(Try it):
A picture-free, exact reproduction of the listing that follows is required.

(Dataset records):
══════════════════════════════

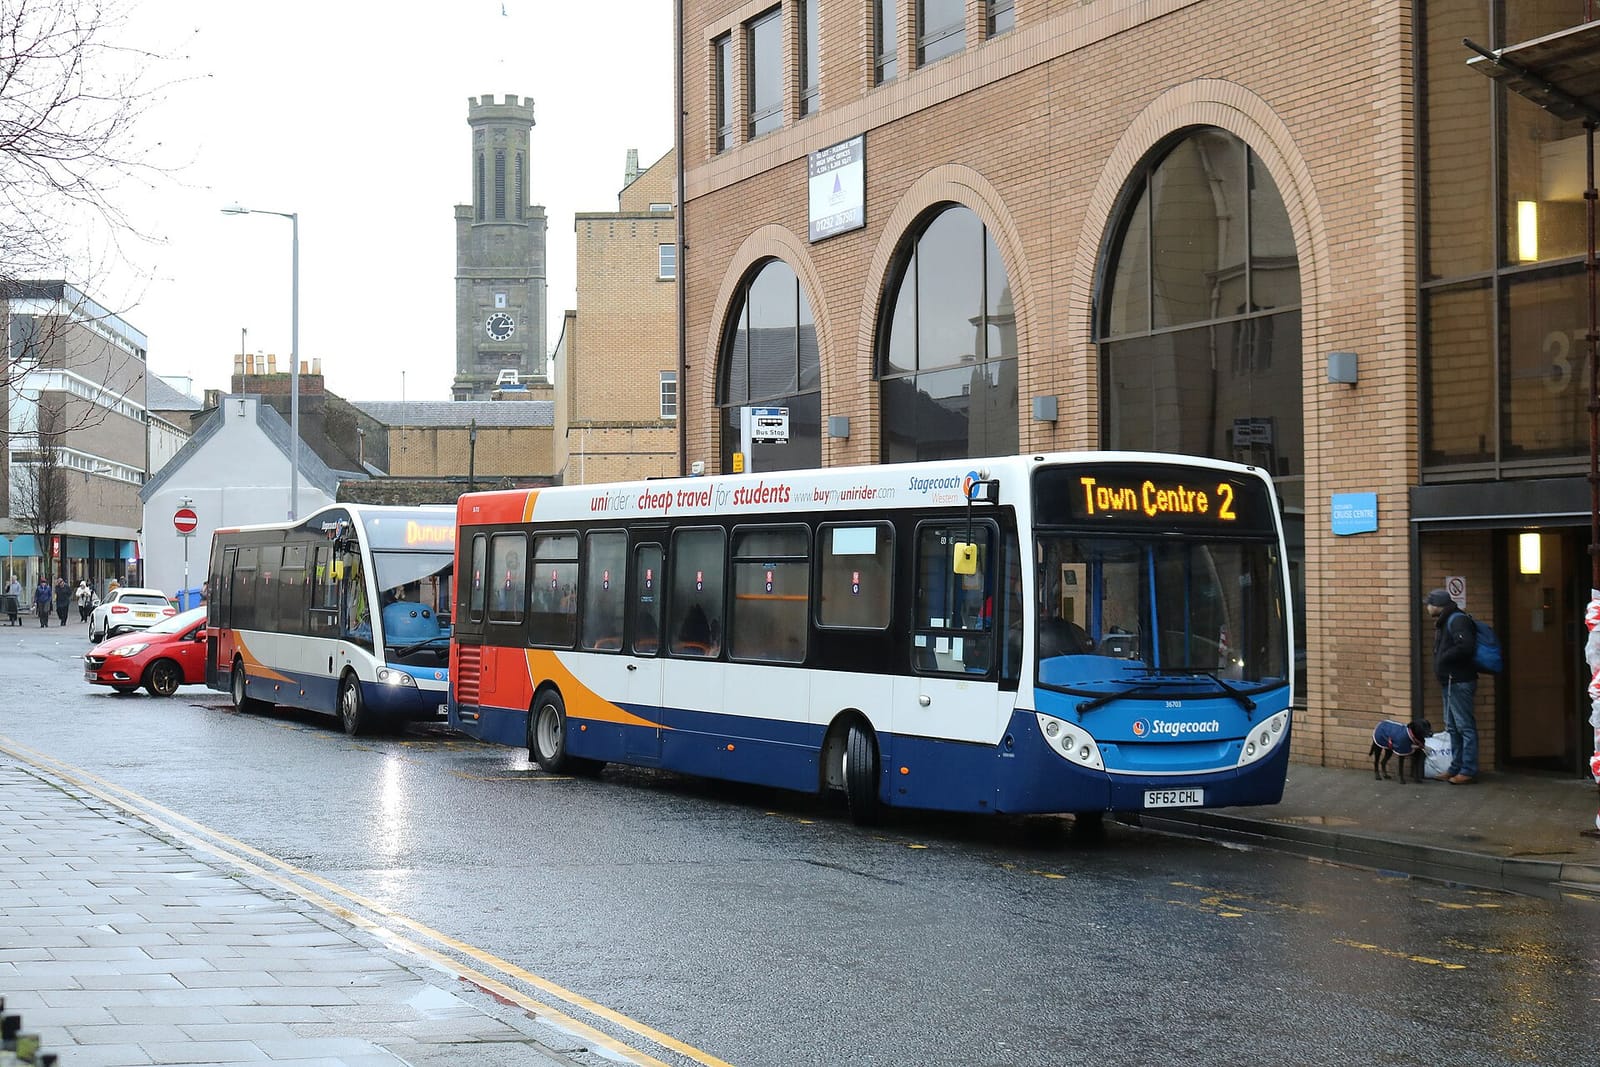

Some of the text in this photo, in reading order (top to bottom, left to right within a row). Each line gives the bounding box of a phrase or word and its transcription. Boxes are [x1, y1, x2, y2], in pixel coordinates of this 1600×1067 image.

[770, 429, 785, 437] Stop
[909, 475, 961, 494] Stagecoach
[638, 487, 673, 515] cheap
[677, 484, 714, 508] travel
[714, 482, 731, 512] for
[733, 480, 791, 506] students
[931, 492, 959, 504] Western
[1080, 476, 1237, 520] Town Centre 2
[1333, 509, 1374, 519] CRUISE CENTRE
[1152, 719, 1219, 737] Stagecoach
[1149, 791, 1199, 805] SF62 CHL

══════════════════════════════

(Task solution):
Some of the text in this photo, in reading order (top to bottom, left to right within a row). Each line gives the bounding box of a phrase or word and its transcription. Boxes are [x1, y1, x2, y2], in pixel coordinates of this 1600×1067 image.

[770, 429, 785, 437] Stop
[909, 475, 961, 494] Stagecoach
[638, 487, 673, 515] cheap
[677, 484, 714, 508] travel
[714, 482, 731, 512] for
[733, 480, 791, 506] students
[931, 492, 959, 504] Western
[1080, 476, 1237, 520] Town Centre 2
[1333, 509, 1374, 519] CRUISE CENTRE
[1152, 719, 1219, 737] Stagecoach
[1149, 791, 1199, 805] SF62 CHL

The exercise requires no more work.